Mortgage Research Center LLC has agreed to pay approximately $604,000 in restitution to New York consumers after the state found that the company failed to refund credits that it offered to cover estimated closing costs.
Doing business as VAMortgage Center or Veterans United Home Loans, the company offered the credits to customers who agreed to a higher interest rate when the actual closing costs were lower than the estimated closing costs, the New York Department of Financial Services said in a release. Those cases resulted in a surplus lender credit.
The company did not adjust the interest rate downward, reduce the principal balances of the loan, lower the down payment, provide a cash refund, or pursue any other means to refund the surplus, the department said. An examination of the company turned up at least 322 cases for which refunds were not provided.

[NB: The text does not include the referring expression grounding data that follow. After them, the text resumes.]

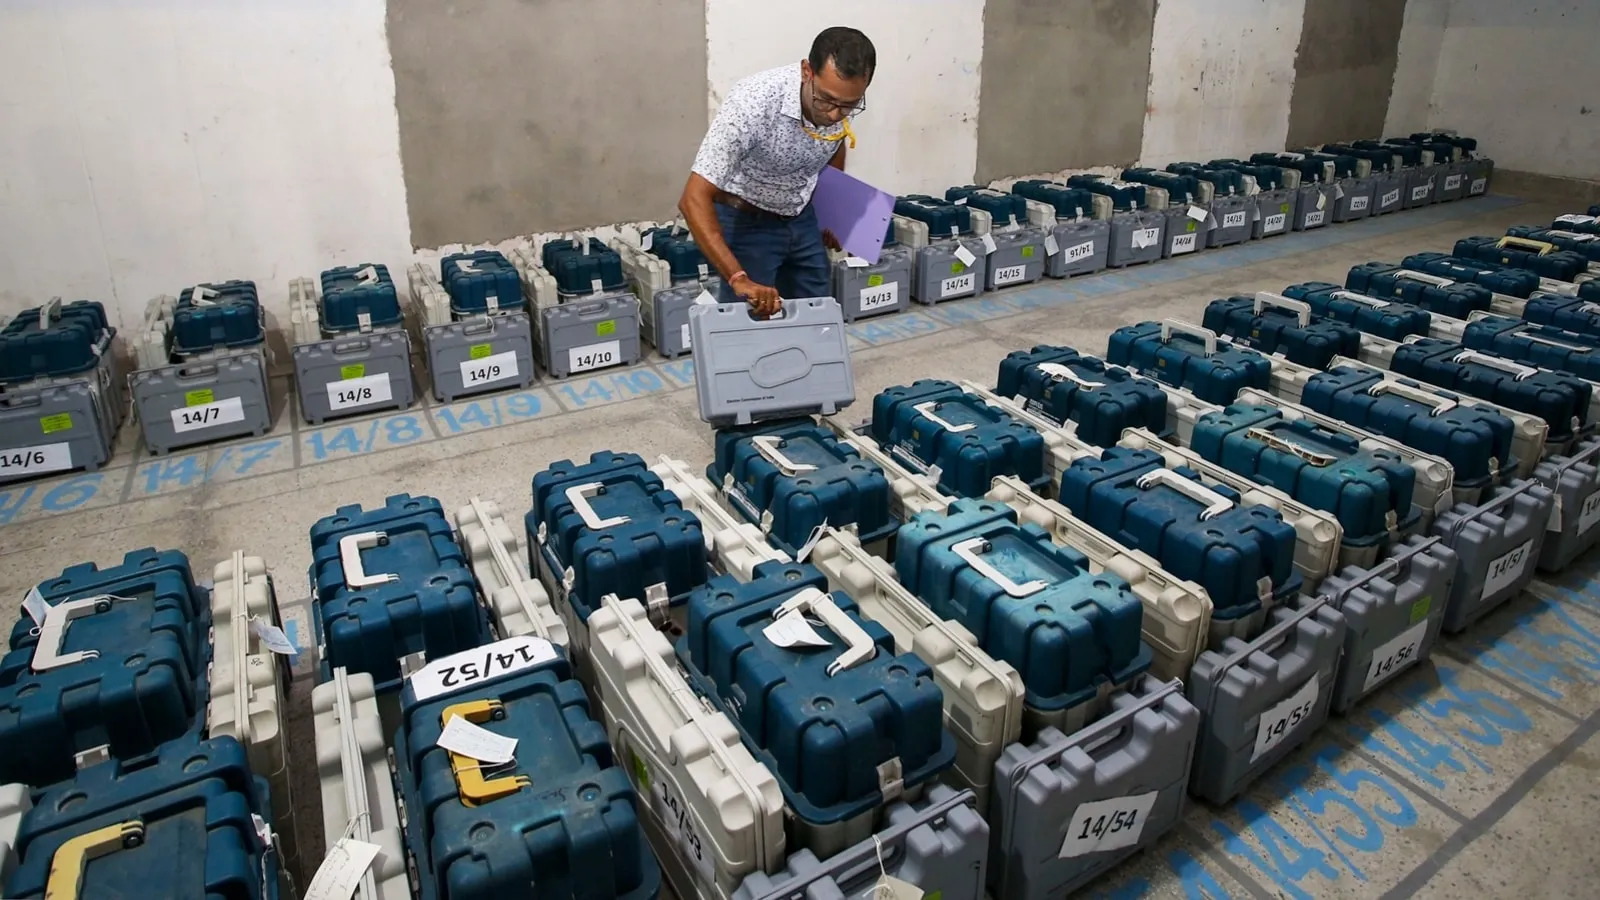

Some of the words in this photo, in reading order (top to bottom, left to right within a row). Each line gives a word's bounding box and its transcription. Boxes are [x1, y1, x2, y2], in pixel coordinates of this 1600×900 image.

[1070, 244, 1090, 258] 14/16
[945, 277, 970, 290] 14/14
[998, 268, 1020, 279] 14/15
[864, 292, 892, 305] 14/13
[576, 351, 612, 367] 14/10
[469, 365, 501, 381] 14/9
[337, 387, 372, 403] 14/8
[561, 368, 664, 407] 14/10
[181, 407, 220, 425] 14/7
[436, 394, 542, 433] 14/9
[306, 414, 424, 460] 14/8
[0, 451, 45, 468] 14/6
[139, 440, 281, 493] 14/7
[1491, 548, 1524, 581] 14/57
[437, 644, 535, 687] 14/52
[1373, 642, 1414, 678] 14/56
[1265, 700, 1312, 744] 14/55
[1076, 808, 1139, 841] 14/54
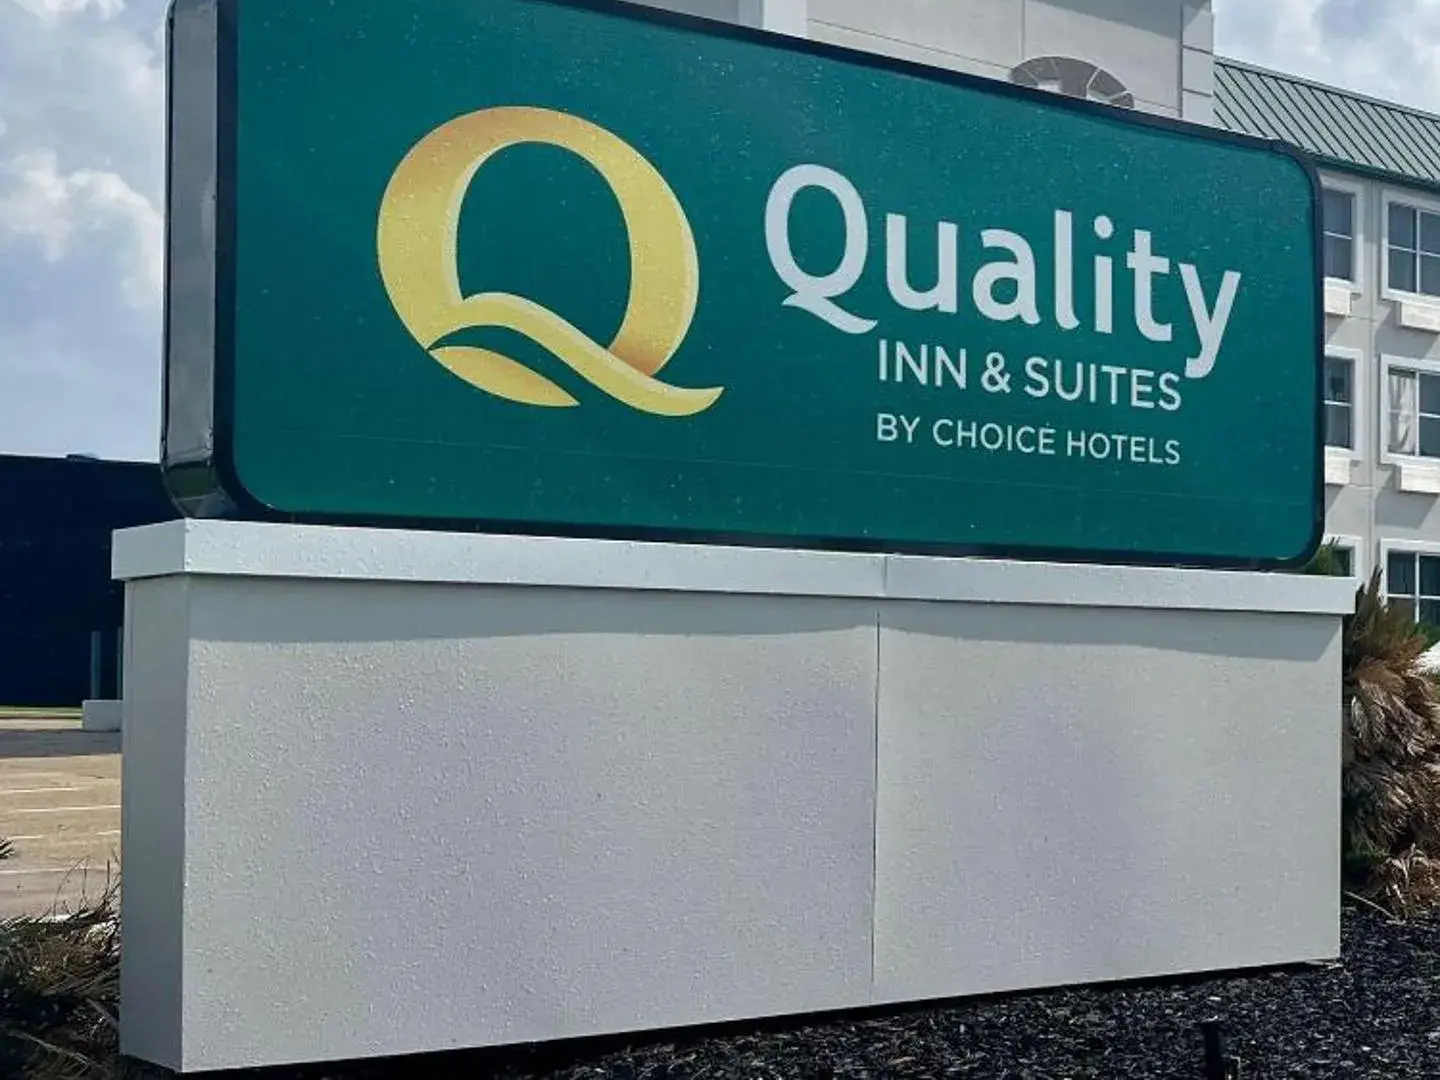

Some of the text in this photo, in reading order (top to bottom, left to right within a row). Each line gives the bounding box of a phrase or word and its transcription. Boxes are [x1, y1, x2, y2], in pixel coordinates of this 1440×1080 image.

"While we appreciate Veterans United's willingness to make its customers whole, we emphasize that lenders must not take advantage of the moving parts of the loan origination process in order to obtain hidden profits at their customers' expense," Financial Services Superintendent Maria Vullo said in a statement.
Veterans United agreed to pay full restitution to affected customers, plus 9% interest, estimated restitution to consumers whose records have been lost, and a $500,000 penalty to the state. The company must ensure that future surplus lender credits are immediately returned to borrowers via cash payment or reduction in the principal balance of loans.